Articolo a cura del dott. Magnani per In Salute News
La cartilagine è un tessuto fondamentale per il ginocchio: ha il compito di impedire l’attrito fra le ossa e di fare da ammortizzatore. Ma è anche una parte del corpo molto fragile, che può subire danni causati da traumi o da un eccesso di carico.
E dopo una certa età, la cartilagine può andare incontro a un naturale processo di usura. Passati i cinquant’anni, infatti, molte persone iniziano a soffrire di artrosi originata proprio dal suo logoramento, che può essere precoce soprattutto negli sportivi, in chi è sovrappeso e in chi pratica lavori usuranti. I danni alla cartilagine si presentano con dolori associati a difficoltà nell’utilizzo dell’arto. In questo caso è consigliabile consultare subito un ortopedico.
Purtroppo, la cartilagine ha una capacità di rigenerarsi estremamente limitata, per cui è molto difficile curarla quando viene lesionata o usurata. Tuttavia, oggi il problema può essere risolto ricorrendo a un’infiltrazione di cellule mesenchimali, prelevate dal tessuto adiposo del paziente stesso, quindi con un trapianto cosiddetto “autologo”.

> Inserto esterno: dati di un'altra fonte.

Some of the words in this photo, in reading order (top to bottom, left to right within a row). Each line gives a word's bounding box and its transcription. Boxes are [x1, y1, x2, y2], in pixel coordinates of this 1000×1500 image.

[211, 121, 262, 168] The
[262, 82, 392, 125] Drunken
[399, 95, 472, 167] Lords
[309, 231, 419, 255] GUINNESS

Le mesenchimali sono cellule staminali adulte, indifferenziate e non specializzate, che possono trasformarsi in “operaie specializzate” quando vengono iniettate in una determinata parte del corpo. Nel caso specifico del ginocchio, ‘imparano’a ricostruire la cartilagine usurata. In questo modo è possibile ottenere una naturale ricrescita biologica di questo tessuto, innescando un processo di autoguarigione senza ricorrere a materiali sintetici esterni.